Aquila, Inc., an electric utilities company, is so serious about complying with Sarbanes-Oxley Act internal-controls rules that it’s requiring all employees — from line workers to the chief executive officer — to complete an online ethics training program.
Indeed, the problems featured in the program reflect that range of participants. One example, for instance, involves a meter reader who must read all the gauges on a particular route by today so that the readings would be included in this month’s billing cycle. At the end of the day, however, the meter reader hasn’t reached the end of the route, so a colleague offers to split the remainder of the route and suggests entering estimates for that part of it. The training materials examine the situation, explain that good internal controls practices dictate that estimated meter readings shouldn’t be used for bills, and instruct the meter reader to contact a supervisor for guidance.
The course also asks employees to create a “personal action plan” listing how they can meld lessons from the training with their daily responsibilities. In such plans, employees can identify which activities in their group they should monitor to ensure their operations run effectively.

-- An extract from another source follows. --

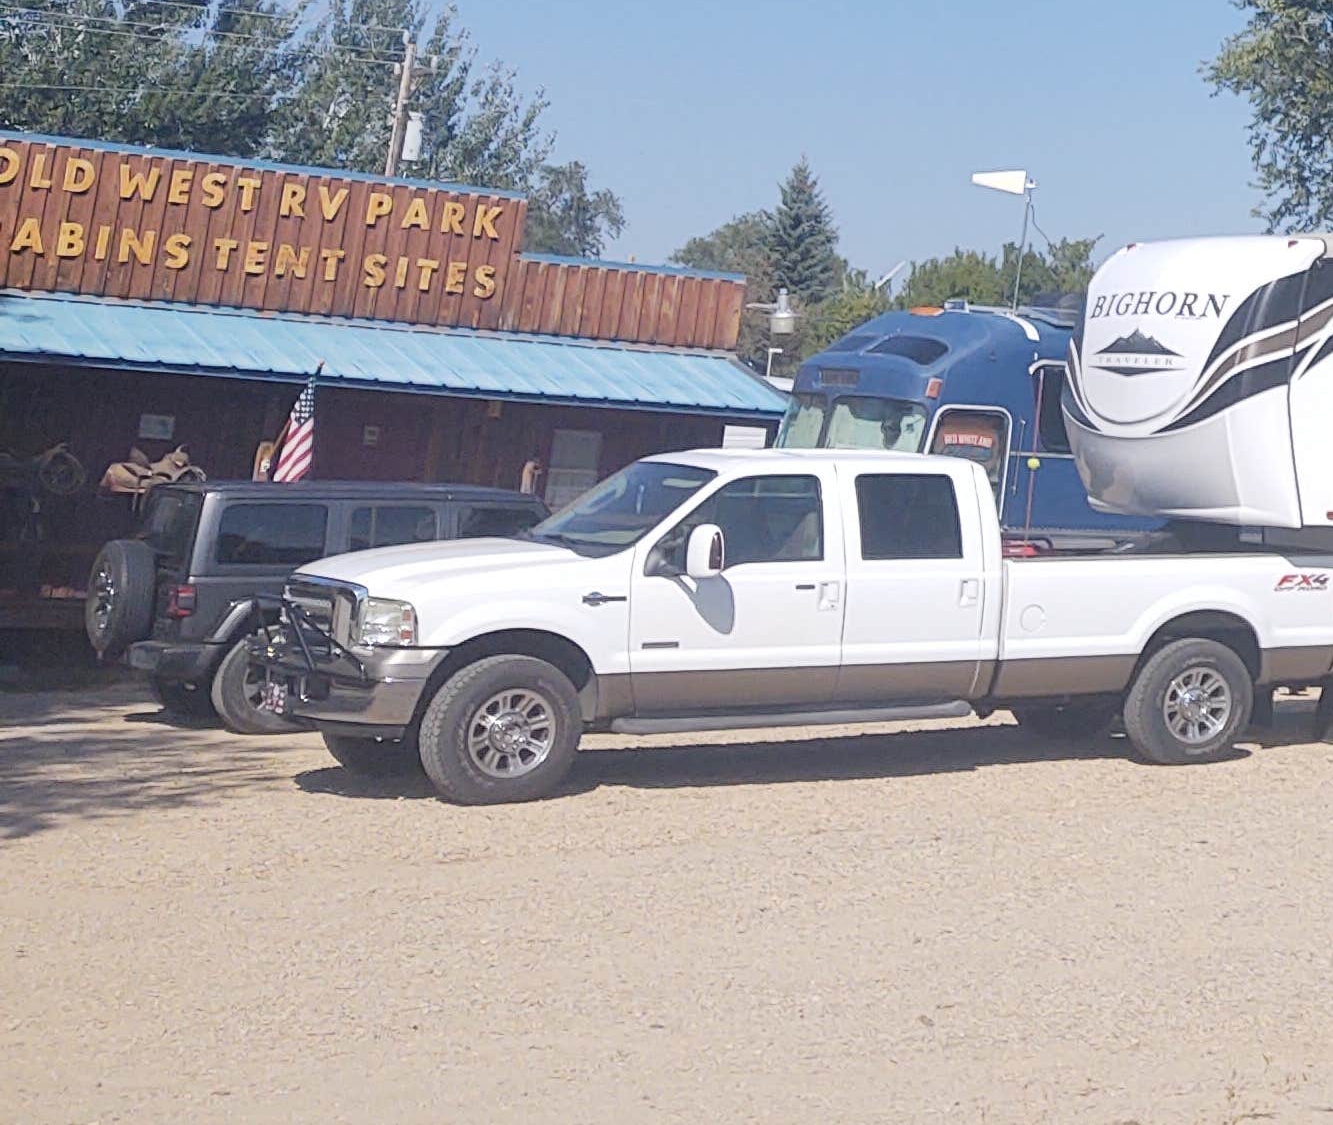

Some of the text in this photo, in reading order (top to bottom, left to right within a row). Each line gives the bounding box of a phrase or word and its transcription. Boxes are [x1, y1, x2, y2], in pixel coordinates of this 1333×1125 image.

Introduced last year, the one-hour course includes explanations of “Internal Control—Integrated Framework,” produced by the Committee of Sponsoring Organizations of the Treadway Commission (COSO). Based on the widely accepted COSO guidelines that Aquila has adopted, the course features hypothetical examples of work situations in which ethical values come into play.
After the course was first given, the program directed employees to a secure Web site to express anonymously any concerns they have about the business. Employees were asked to provide demographic information that includes whether or not they were union employees, the state in which they worked, and whether they were corporate or field employees. Aquila’s corporate compliance officer culled the responses and presented them to the board of directors, says Lynn Fountain, vice president of risk assessment and audit services at Aquila.

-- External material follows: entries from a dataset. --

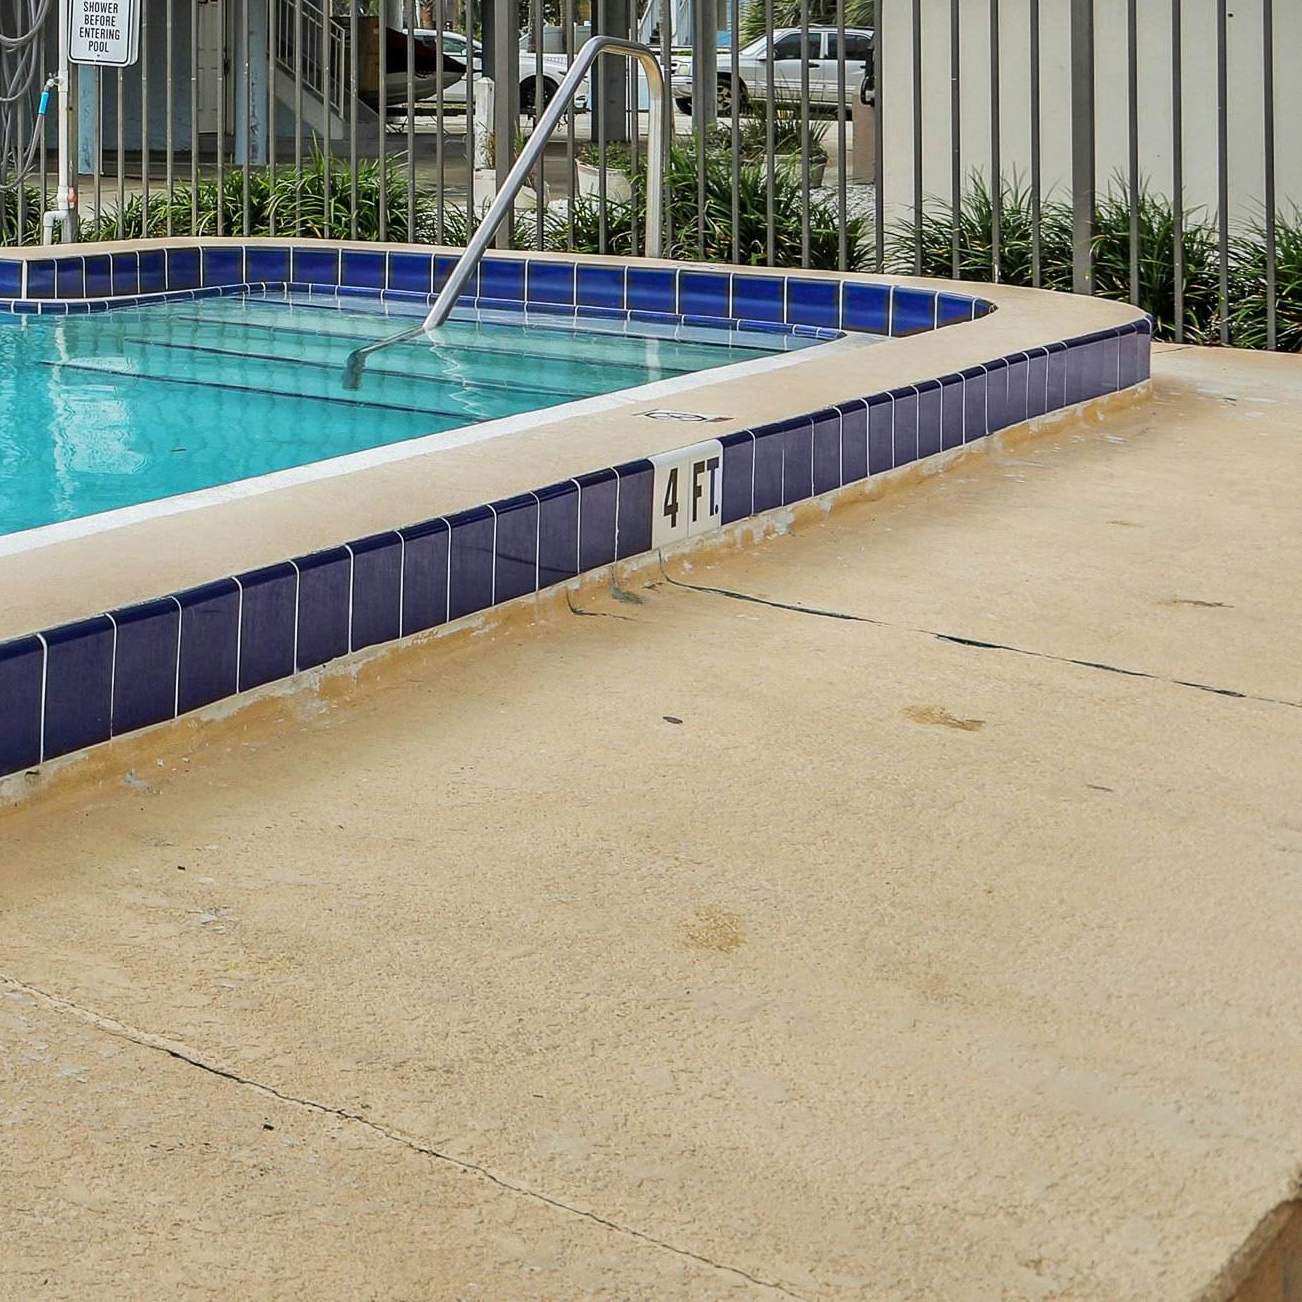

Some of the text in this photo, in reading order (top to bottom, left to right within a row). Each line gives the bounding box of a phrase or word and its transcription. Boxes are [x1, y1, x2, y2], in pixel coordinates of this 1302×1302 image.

[84, 2, 118, 14] SHOWER
[84, 14, 116, 27] BEFORE
[80, 27, 120, 40] ENTERING
[88, 41, 109, 52] POOL
[664, 457, 720, 528] 4 FT.

With a growing number of companies reportedly striving to cut costs by handling more compliance functions internally, executives at companies like Aquila are paying more attention to training employees about the ins and outs of Sarbanes-Oxley. In the early stages of compliance with Section 404 of the act, the provision that covers internal controls over financial reporting, businesses largely outsourced compliance functions because of time and personnel constraints, observed Anne Marchetti, the global practice director for governance and risk management at Parson Consulting.
Although companies expected compliance costs to decline this year, however, most haven’t experienced a reduction, Marchetti observes. “Part of that is because they have not developed an ongoing compliance plan and educated the organization,” says Marchetti. Indeed, compliance costs related to Sarbanes-Oxley will rise from $5.5 billion in 2004 to $6.1 billion in 2005, according to an estimate by AMR Research in Boston.
But cost concerns and plans to handle compliance in-house aren’t the only reasons companies might have plunged into the training game. Indeed, having a workforce savvy in the ways of Sarbox and COSO could in itself become a compliance necessity. “Companies have not thought of material weaknesses related to people, but it’s a possibility,” notes Michael Mellor, director of the change and program management effectiveness group at PricewaterhouseCoopers.